If the program had been strictly a series of oral recollections, without the nudging Burt Lancaster narration and the clumsily interpolated newsreel footage, it might have had more credibility. Some of those participating do have moving, troubling stories to tell -- among them actress Evelyn Keyes, recalling her horror when writer John Howard Lawson was drowned out in his impassioned testimony by the lunatic, gavel-pounding Thomas, who might as well have been beating the First Amendment as his desk.
Jane Wyatt, the all-American mom on "Father Knows Best," recalls how movie offers in the '40s dwindled almost overnight when she was placed on the list of "Red Channels." Betty Garrett, widow of Larry Parks ("The Jolson Story"), is still pained by memories of how her husband was ostracized by the Hollywood community because he had appeared to cooperate with the committee.
Dalton Trumbo's children remember answering phone calls for "Mr. Jackson" and numerous other Trumbo pseudonyms once he was blacklisted and could not use his own name. These are good stories, but they are almost lost in Chaikin's polemic assault.
She has some curious notions about art and commerce in Tinseltown, too.
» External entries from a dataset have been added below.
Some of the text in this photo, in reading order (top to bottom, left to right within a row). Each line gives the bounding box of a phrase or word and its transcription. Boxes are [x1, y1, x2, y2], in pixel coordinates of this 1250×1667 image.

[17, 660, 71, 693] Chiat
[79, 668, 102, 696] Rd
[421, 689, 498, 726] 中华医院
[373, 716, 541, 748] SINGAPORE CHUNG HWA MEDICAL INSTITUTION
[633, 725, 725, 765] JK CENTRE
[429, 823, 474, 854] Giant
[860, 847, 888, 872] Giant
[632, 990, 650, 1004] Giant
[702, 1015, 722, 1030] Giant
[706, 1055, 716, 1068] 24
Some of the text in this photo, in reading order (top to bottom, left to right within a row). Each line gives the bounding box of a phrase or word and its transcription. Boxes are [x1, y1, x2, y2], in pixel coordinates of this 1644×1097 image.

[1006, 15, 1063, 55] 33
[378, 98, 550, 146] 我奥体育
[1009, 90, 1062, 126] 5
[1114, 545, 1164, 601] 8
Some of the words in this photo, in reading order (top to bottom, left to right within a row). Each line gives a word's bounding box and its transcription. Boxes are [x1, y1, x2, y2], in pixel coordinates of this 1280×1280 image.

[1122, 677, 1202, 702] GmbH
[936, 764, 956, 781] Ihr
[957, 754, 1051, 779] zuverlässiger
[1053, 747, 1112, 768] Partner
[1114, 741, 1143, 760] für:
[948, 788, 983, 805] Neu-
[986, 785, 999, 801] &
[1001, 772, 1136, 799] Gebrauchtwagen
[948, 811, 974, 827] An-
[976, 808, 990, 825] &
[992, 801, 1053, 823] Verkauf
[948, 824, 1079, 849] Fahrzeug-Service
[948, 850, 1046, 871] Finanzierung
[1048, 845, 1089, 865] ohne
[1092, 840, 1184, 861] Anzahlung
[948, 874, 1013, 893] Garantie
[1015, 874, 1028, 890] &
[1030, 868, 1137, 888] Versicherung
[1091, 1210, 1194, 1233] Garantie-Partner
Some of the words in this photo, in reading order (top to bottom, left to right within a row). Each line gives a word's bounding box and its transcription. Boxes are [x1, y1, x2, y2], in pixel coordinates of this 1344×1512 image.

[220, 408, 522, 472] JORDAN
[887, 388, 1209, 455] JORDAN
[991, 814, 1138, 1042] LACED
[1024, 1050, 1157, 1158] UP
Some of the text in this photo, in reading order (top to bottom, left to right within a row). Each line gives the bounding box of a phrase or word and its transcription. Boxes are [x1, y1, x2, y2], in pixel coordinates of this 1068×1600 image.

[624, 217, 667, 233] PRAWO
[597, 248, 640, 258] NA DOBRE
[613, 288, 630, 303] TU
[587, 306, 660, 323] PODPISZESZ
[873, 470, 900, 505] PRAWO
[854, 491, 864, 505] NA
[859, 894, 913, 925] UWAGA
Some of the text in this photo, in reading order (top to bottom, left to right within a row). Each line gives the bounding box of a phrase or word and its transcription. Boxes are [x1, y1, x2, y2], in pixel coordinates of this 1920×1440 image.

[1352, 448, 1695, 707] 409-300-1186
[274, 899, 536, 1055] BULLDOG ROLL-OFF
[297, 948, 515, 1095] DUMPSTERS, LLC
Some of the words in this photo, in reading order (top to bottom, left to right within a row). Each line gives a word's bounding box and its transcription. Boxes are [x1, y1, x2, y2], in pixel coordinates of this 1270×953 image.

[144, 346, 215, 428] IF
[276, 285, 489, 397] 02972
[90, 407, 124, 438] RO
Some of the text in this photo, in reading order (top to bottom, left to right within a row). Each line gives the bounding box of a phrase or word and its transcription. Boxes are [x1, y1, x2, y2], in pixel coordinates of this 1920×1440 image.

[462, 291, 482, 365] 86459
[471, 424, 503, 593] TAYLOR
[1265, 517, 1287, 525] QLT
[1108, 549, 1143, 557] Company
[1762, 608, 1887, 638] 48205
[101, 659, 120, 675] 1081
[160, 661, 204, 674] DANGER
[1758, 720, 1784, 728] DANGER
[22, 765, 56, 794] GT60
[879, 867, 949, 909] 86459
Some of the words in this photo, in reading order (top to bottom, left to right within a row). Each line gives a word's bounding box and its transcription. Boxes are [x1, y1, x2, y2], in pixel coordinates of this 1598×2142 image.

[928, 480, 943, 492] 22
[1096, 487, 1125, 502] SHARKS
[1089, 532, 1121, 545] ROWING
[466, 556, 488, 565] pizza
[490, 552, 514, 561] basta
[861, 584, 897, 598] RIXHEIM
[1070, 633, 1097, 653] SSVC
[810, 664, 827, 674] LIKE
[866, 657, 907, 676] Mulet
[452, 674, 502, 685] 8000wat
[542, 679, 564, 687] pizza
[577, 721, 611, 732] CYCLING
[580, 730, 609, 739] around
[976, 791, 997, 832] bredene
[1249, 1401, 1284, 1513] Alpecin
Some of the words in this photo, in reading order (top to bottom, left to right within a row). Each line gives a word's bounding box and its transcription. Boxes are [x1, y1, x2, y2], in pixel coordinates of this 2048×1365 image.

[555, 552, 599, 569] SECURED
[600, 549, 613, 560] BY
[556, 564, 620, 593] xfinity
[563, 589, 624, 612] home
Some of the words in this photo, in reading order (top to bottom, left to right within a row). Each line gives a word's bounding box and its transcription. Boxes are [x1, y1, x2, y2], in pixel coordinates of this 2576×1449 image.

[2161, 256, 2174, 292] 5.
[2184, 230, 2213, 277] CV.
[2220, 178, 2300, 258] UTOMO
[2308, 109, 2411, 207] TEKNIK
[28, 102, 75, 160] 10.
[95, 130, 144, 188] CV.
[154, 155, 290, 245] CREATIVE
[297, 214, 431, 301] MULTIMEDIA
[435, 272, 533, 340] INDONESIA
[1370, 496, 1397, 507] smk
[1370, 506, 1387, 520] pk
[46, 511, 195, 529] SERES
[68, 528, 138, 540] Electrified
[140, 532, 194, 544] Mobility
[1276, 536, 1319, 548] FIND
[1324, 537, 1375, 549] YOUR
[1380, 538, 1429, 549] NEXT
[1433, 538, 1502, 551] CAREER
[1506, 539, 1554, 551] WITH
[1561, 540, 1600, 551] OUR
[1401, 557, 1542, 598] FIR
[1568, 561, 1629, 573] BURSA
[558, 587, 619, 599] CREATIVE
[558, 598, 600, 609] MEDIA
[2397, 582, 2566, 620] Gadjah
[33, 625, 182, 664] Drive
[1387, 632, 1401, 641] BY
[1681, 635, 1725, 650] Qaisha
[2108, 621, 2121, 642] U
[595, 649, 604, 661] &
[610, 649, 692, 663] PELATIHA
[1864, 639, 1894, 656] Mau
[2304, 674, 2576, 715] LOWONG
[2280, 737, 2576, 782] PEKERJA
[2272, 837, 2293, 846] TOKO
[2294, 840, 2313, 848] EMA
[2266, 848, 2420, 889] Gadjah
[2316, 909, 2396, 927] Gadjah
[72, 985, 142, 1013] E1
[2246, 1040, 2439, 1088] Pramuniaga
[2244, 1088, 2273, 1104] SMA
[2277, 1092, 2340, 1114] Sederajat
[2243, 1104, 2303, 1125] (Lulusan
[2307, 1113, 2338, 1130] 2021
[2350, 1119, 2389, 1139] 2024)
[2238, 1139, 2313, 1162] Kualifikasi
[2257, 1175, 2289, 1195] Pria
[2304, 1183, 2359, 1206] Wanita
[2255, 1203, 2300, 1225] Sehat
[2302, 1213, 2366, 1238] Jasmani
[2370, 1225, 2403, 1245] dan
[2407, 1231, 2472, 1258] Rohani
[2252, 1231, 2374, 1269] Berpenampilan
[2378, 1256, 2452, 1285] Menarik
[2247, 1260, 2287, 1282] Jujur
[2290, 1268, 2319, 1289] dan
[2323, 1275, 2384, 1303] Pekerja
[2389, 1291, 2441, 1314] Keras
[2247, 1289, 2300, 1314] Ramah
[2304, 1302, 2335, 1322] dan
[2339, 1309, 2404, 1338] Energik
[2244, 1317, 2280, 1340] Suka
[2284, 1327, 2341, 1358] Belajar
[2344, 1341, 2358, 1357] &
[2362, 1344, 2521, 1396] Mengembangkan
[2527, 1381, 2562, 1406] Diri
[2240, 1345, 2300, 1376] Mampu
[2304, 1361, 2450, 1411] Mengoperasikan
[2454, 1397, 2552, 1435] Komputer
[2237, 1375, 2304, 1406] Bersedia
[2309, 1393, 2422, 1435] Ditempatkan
The groundless contention is made that if the Hollywood Ten had been able to keep working, American movies of the '50s would have been far more meaningful and humane. Titles like "Pillow Talk," "Beach Blanket Bingo," "Girls! Girls! Girls!" and "Gidget Goes Hawaiian" are blamed on the McCarthy era. All were released well after the era had ended and after a disgraced and abandoned McCarthy had died.
"Legacy of the Hollywood Blacklist" rehashes material covered in such superior films as Emile de Antonio's "Point of Order." The only new twist it adds is incompetence.